Elle releva la tête.

—«J’ai fait pénitence,» reprit-elle. «J’ai prié. J’ai pleuré. Mais Dieu n’a pas eu en grâce mon repentir. Il me frappe aujourd’hui plus durement que jamais.

—Comment cela?

—Hélas! mon acharnement à démêler ce mystère coûte peut-être la vie à mon fils.

—A votre fils! Le malheureux connaît-il vos erreurs et le secret de sa naissance?

—Non. Il ignore tout, sinon qu’il existe dans la famille de Valcor un secret qui, s’il n’est éclairci, le séparerait à jamais de celle qu’il aime. Avec ce fragment de vérité, j’ai chargé mon Hervé d’une mission dont, peut-être, n’ai-je pas assez prévu tous les périls. Depuis longtemps je n’ai plus de ses nouvelles. C’est à sa recherche que je vais, prête à braver moi-même tous les dangers. Voici pourquoi, enfin, je me suis confiée à vous, mon Père.

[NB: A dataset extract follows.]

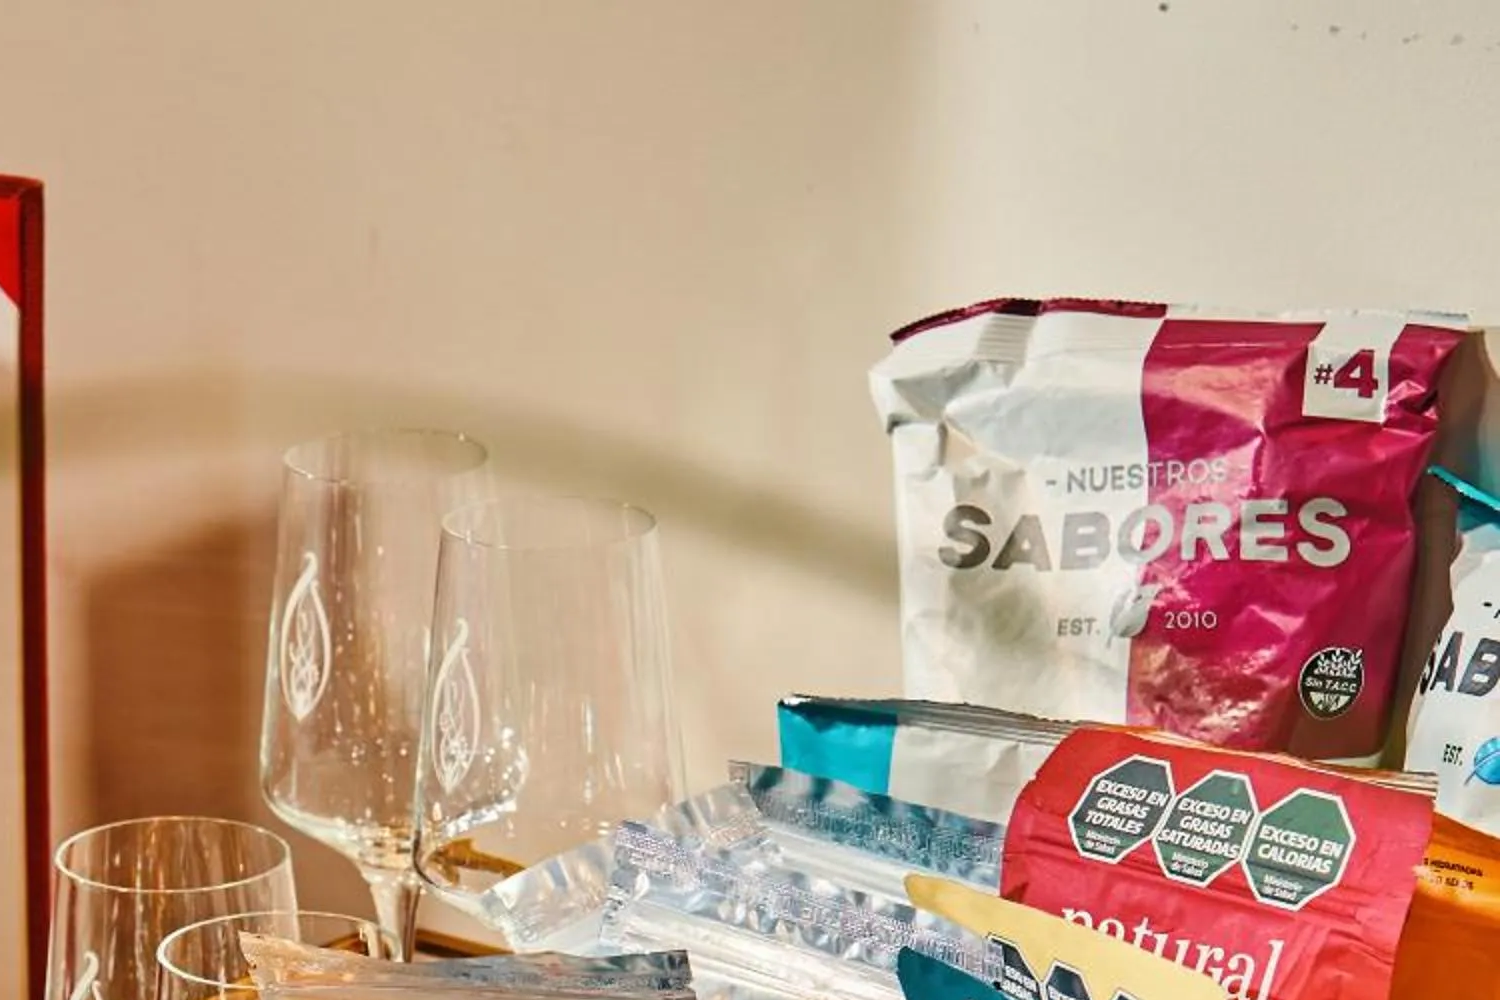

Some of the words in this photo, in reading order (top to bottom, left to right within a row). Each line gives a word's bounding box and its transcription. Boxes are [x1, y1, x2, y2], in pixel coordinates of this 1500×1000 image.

Il se peut que, là où vous allez, vous retrouviez la trace de mon pauvre enfant.

—Dans les forêts de l’Amazone?

—Oui, dans ces régions se passa le drame où périt, sans doute, le véritable marquis de Valcor. Cette Valcorie, son domaine, ses fameuses exploitations de caoutchouc, confinent à la Selve sauvage.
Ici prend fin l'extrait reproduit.